I think that this is everything that i do like i said i am not sure as this is all in my head. If the plants demand more that i give more this is just something to go by. I usually do not swap in clean water feedings at all over the fert program. I just use the jug then its gone. Now if i start to see over feeding or lockouts ill flush.
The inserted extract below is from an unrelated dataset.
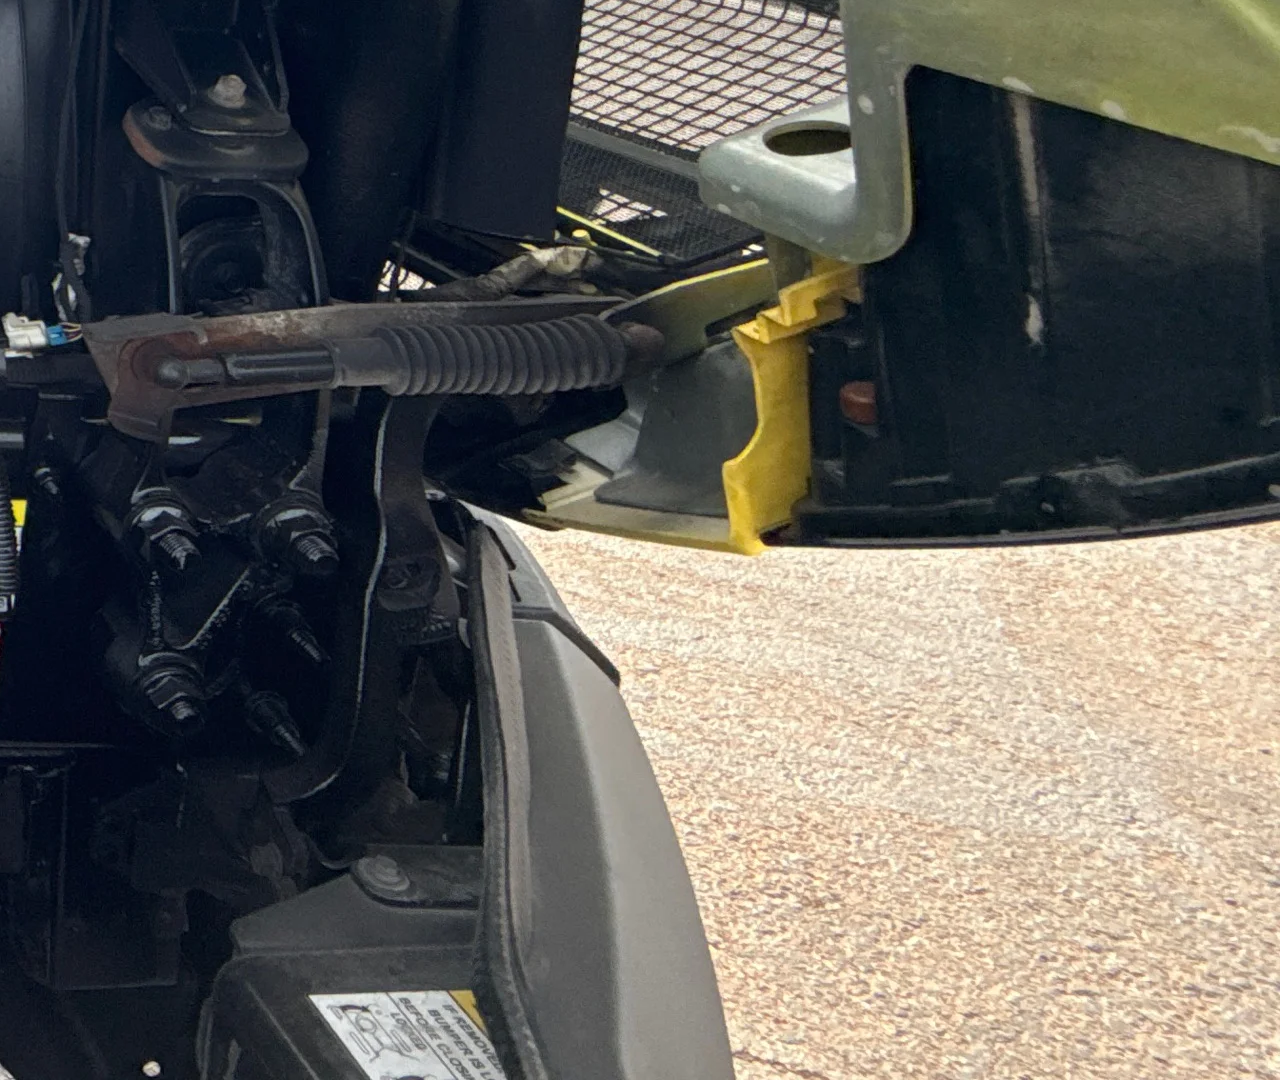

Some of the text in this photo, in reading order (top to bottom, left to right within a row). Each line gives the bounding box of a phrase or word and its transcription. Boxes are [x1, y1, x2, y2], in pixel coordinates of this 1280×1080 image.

[399, 997, 442, 1041] BEFORE
[442, 1004, 458, 1015] IF
[428, 1009, 486, 1070] BUMPER IS
But if i keep my water on point i never usually see a lock out or toxicity.
Hope this helps

EDIT: thanks Sir c!! :pimp:
 
Hope it helps bud, wouldn't want to see those buku's parish! I've got a Lung load of Good Karma heading your way!
 
:smokebuds: Very true Brother! Very True! Well, when I put them to bed at 4pm they seemed just fine. I didn't see anything spread so far. I'm going to get a hygrometer tonight hopefully. Both plants have pistils now so sweet! Only 4 days into flowering and they showed pistils!
 
Some updated pictures of the Burmese will be posted after 4am this morning. The Buku 1 is doing very very well. The BuKu2 got most of the damage of waiting a bit too long to feed... See you all in a few hours!